Because in Christ you’re the temple of God.

 

When a child goes to Sunday School for the first time,

when a teenager comes to the youth group

feeling she can’t talk to her parents

but needs someone to talk to,

when a young adult goes off to find life on his own

at college or in the work force

and wonders how to find his place

with a faith on his own now too,

what each needs is to come to the temple

of the LORD Jesus.

We’re to bring that loving, witnessing

presence of Christ to one another.

 

Now it sounds a bit threatening.

It’s too much to put on me.

That’s too big a responsibility, you counter.

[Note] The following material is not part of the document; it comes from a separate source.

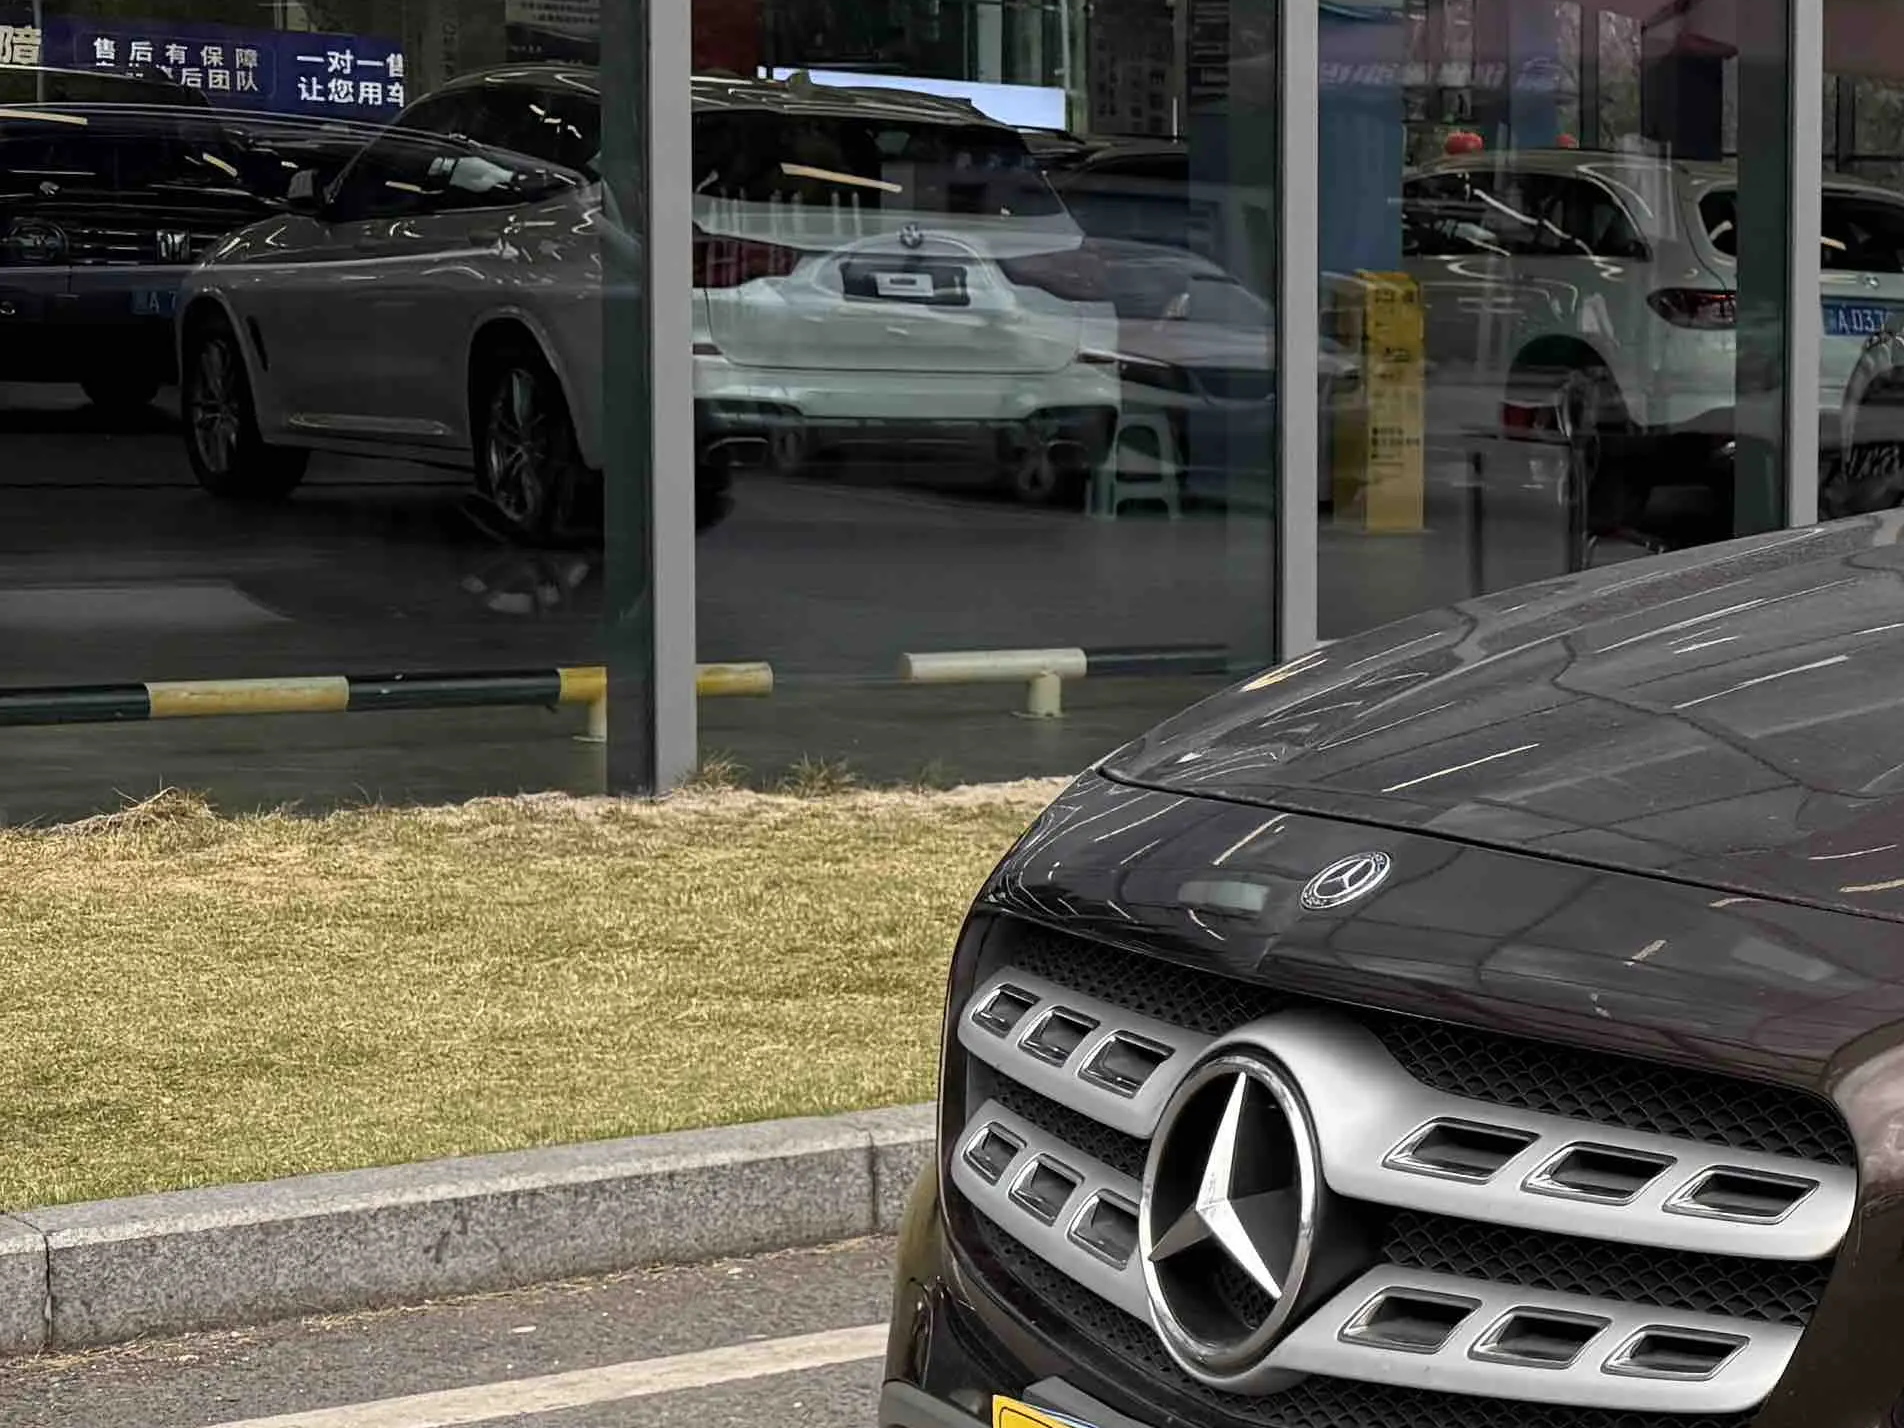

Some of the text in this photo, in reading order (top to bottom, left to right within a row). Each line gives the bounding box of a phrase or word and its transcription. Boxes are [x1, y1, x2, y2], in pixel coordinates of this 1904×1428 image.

[92, 37, 260, 70] 售后有保障

But that’s what the disciples thought too . . .

Until the Spirit came.

Remember, Jesus said to them,

fearful, questioning, afraid:

‘You will receive power when the Spirit comes on you to be my witnesses here and to the ends of the earth . . .’

Peter says,

Acts 2:17-18

17" 'In the last days, God says,
      I will pour out my Spirit on all people.
   Your sons and daughters will prophesy,
      your young men will see visions,
      your old men will dream dreams.
 18Even on my servants, both men and women,
      I will pour out my Spirit in those days,
      and they will prophesy.

 

The Spirit is poured out  . . . even on you.

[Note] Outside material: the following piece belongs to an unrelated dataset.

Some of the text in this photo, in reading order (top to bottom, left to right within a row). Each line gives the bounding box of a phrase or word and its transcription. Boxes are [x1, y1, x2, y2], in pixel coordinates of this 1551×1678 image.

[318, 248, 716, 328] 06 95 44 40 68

Making you to be the witness,

The blessing,

That Jesus died to make you to be.

 

For your life isn’t your own anymore.

It belongs to Jesus.

He bought you with the price of his blood.

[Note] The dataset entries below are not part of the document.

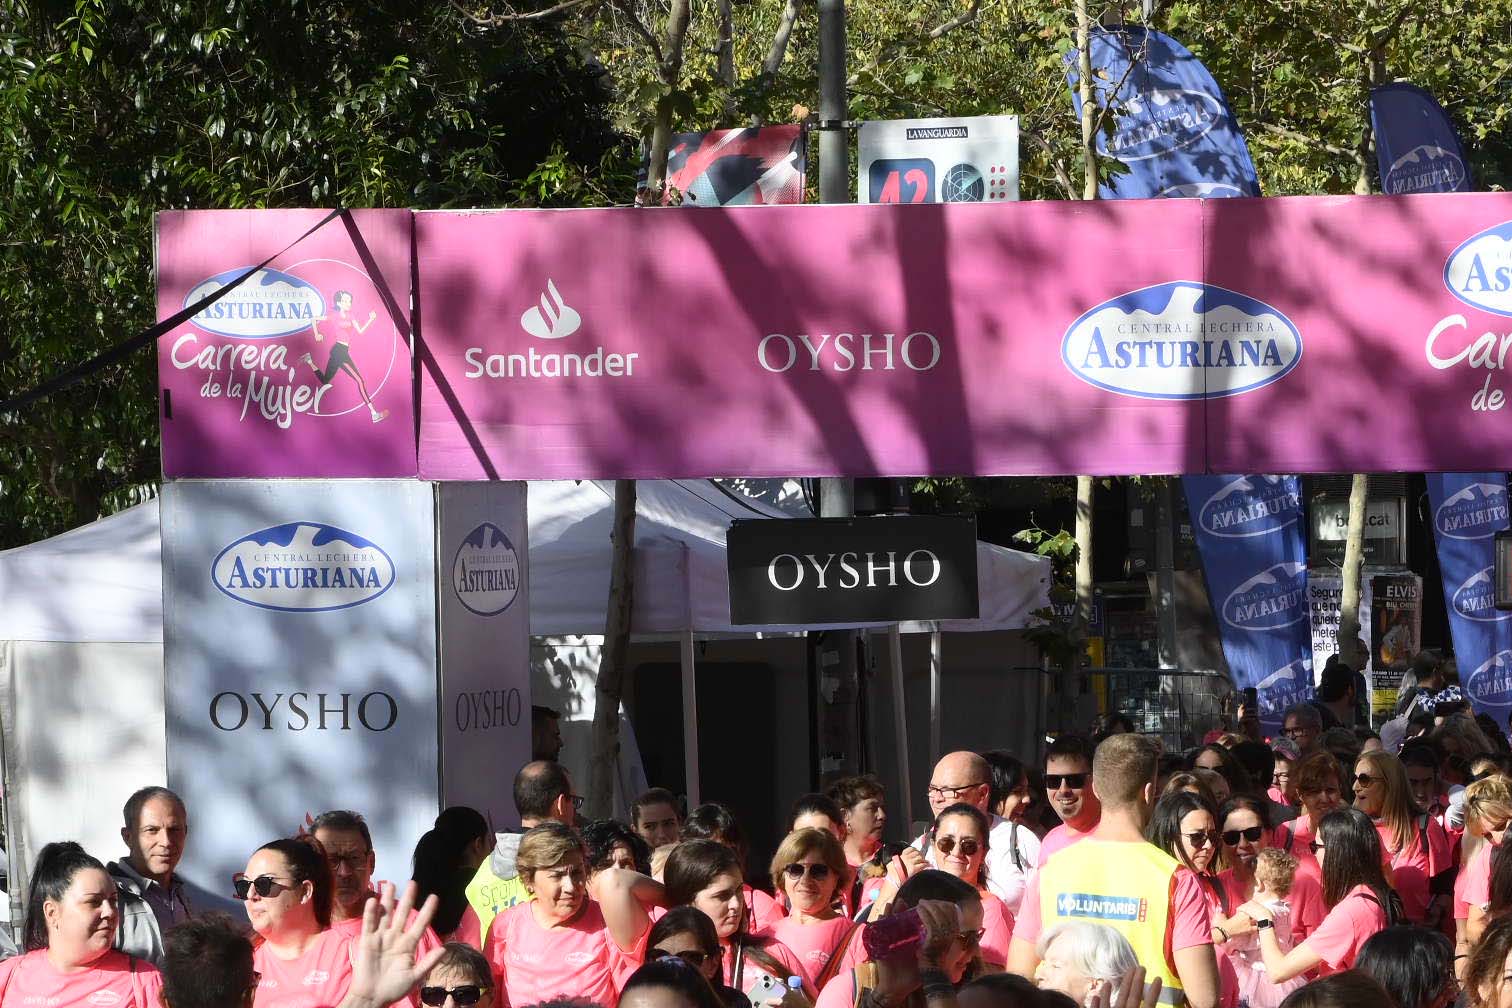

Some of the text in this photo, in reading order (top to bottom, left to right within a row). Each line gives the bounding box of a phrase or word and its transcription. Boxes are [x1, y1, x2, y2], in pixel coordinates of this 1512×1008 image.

[1117, 322, 1275, 334] CENTRAL LECHERA
[171, 333, 288, 370] Carrera
[464, 347, 638, 379] Santander
[757, 332, 940, 373] OYSHO
[1081, 326, 1284, 369] ASTURIANA
[200, 365, 333, 429] de la Mujer
[1471, 373, 1505, 412] de
[226, 556, 382, 589] ASTURIANA
[254, 553, 375, 562] CENTRAL LECHERA
[458, 558, 516, 593] ASTURIANA
[768, 550, 941, 591] OYSHO
[1386, 585, 1417, 597] ELVIS
[1313, 613, 1341, 627] quiere
[209, 691, 398, 731] OYSHO
[455, 687, 521, 731] OYSHO
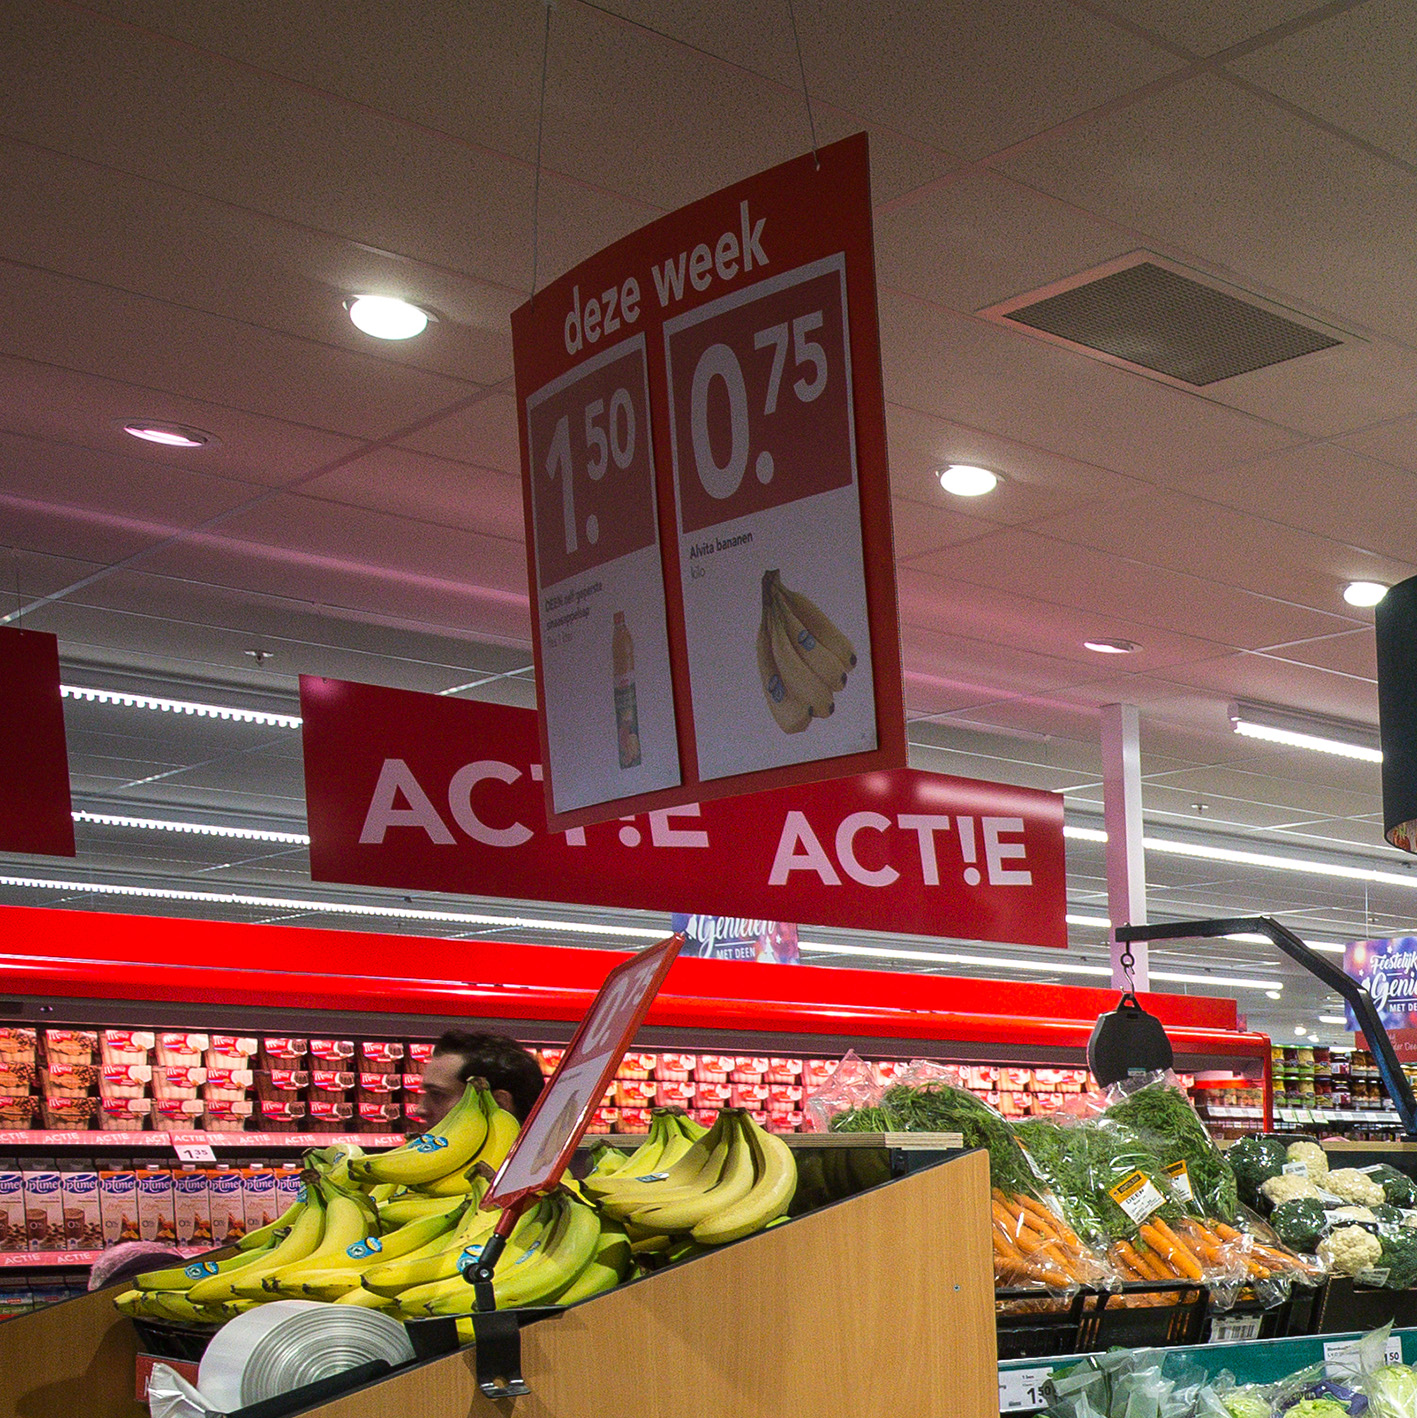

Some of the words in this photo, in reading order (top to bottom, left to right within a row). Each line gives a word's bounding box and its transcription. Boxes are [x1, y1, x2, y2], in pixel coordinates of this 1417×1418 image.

[564, 284, 641, 355] deze
[651, 200, 771, 308] week
[690, 310, 828, 501] 0.75
[545, 387, 636, 555] 1.50
[716, 532, 753, 551] bananen
[717, 949, 735, 959] MET
[735, 947, 756, 959] DEEN
[1389, 1004, 1405, 1012] MET
[184, 1149, 208, 1159] 1.35
[1126, 1189, 1144, 1205] DEEN
[1384, 1352, 1400, 1366] 150

Salvation means in part being remade

for his purposes, not your own.

Listen to 1 Corinthians 6 -

19Do you not know that your body is a temple of the Holy Spirit, who is in you, whom you have received from God? You are not your own; 20you were bought at a price. Therefore honor God with your body.

 

So let’s celebrate this Pentecost Sunday

by going out witnessing to the presence of God.

It’s a tough time to be doing so.

Many have never thought much of Jesus

and that’s true today too.

Many look at Christians in judgment

as a way to explain things.

But many are also broken, fearful,

without God and without salvation.

A fellow pastor

ministering in a broken neighborhood writes:

Here, the needs are deep, crippling, overwhelming. But beyond addiction, abuse,

mental illness and deep loneliness,

the ultimate need is for Jesus.

Not just the Jesus who loves people in this world, showing the great heart of the Father,

but the Jesus who saves from sin

and guarantees eternal healing.

The Jesus we embrace by faith.

We give the hours of our days

to showing people the love of Jesus,

but at the end of those days

we must point towards Him

and call people to believe.

Showing the Gospel leads to sharing the Gospel.

 

Here, that balance is hard, harder than I thought. Some show Jesus but never share Him;

others share Jesus, but don’t much show Him.

Do you show Jesus but never share him?

Do you assume you share Jesus

but you never really show him by your life?

YOU are his witness. You ARE his witness.

Of all the places God could have chosen to live,

he chose you.

It’s not a status thing, but it is a salvation issue.

 

Long ago Peter stood before the world and said,

. . . let me explain this to you;

listen carefully to what I say

And what he told them was Jesus:

What it was about his faith in Jesus

that the world couldn’t live without.

The Spirit led him so.

 

And the Spirit is leading you:

In your joy and sorrow,

Your success and limits,

Your loves and losses,

To say to your friend or classmate

or family member or neighbor,

Let me tell you,

THIS is what Jesus means to me,

THIS is what he has accomplished for me,

THIS is what we do in response:

And by your testimony the Spirit prompts one to call on the name of the Lord and be saved.

It’s our hope and prayer that every day,

somewhere in this city,

where you and I are led to follow Christ,

every day is Pentecost,

and because we are temples in the name of the Lord,

the Spirit is leading someone into your life

so that you may share and show Jesus.